» Goal of the exercise
Please output exactly the run of lines that starts at the line with "Some of the text" and ends at the last line of the records below.

=-=-=-=-=

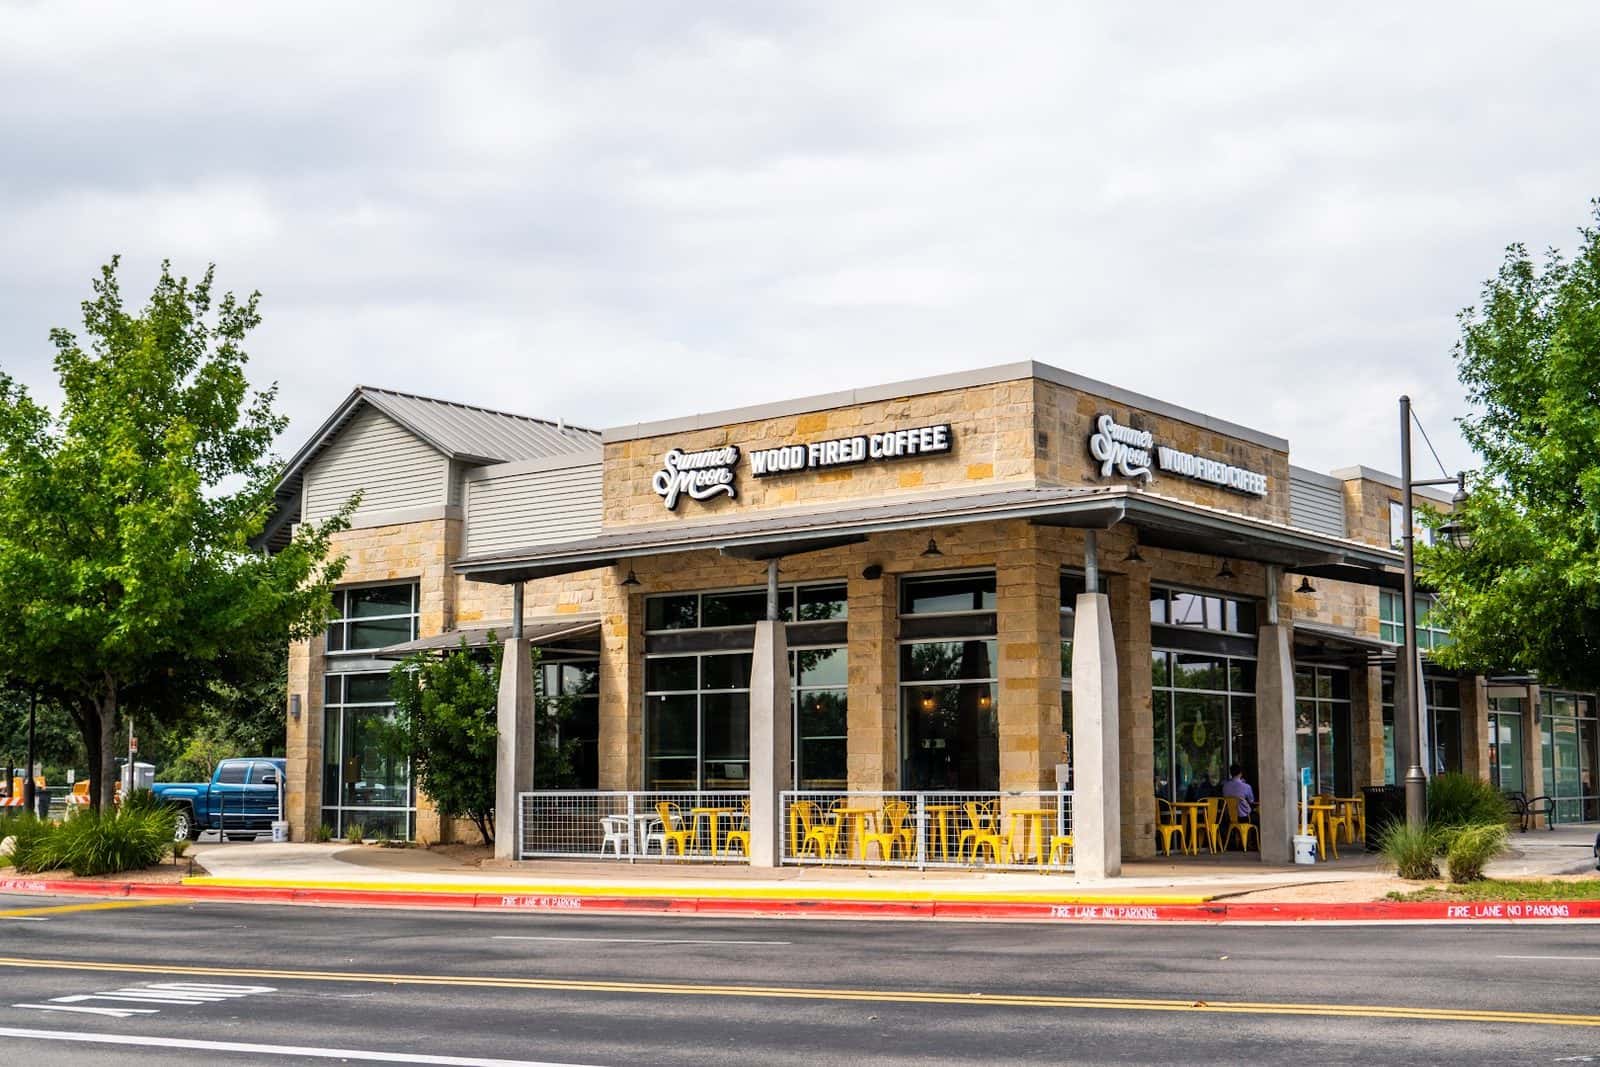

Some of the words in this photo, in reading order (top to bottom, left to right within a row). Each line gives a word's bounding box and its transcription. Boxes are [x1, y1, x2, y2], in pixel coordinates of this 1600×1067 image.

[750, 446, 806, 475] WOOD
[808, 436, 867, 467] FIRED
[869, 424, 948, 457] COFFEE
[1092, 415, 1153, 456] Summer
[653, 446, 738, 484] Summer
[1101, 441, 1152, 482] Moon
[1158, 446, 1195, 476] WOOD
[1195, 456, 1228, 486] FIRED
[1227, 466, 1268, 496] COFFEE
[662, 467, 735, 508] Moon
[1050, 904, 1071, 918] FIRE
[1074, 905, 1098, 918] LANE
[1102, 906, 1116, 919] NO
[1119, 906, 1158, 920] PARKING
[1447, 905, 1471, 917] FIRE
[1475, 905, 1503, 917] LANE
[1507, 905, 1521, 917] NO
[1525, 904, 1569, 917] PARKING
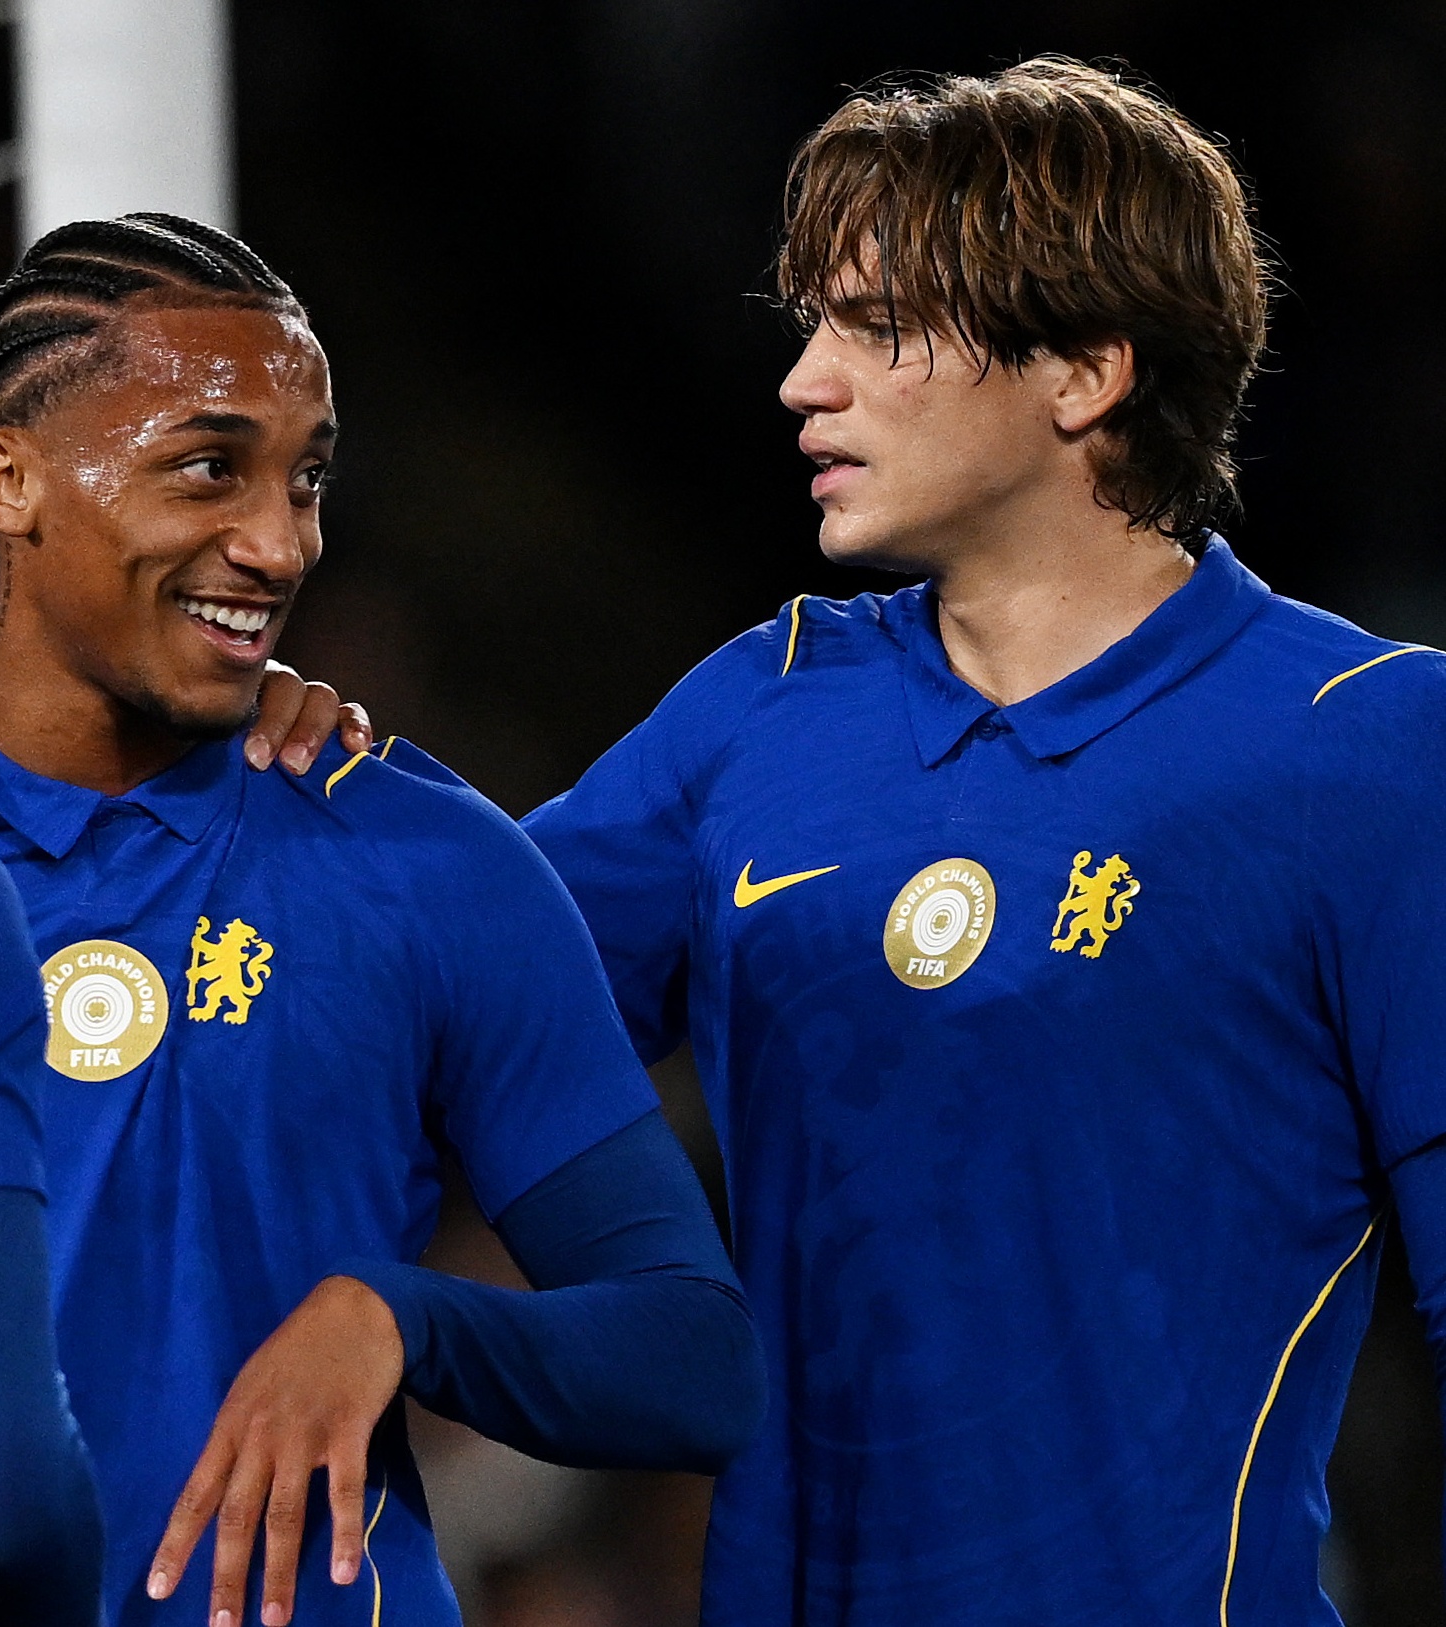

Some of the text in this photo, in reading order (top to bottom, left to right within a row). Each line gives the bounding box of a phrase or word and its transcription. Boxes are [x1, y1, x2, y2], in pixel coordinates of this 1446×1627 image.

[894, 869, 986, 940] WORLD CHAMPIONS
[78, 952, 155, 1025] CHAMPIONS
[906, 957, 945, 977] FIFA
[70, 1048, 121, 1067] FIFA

=-=-=-=-=

» Response area
Some of the text in this photo, in reading order (top to bottom, left to right within a row). Each line gives the bounding box of a phrase or word and its transcription. Boxes are [x1, y1, x2, y2], in pixel coordinates of this 1446×1627 image.

[894, 869, 986, 940] WORLD CHAMPIONS
[78, 952, 155, 1025] CHAMPIONS
[906, 957, 945, 977] FIFA
[70, 1048, 121, 1067] FIFA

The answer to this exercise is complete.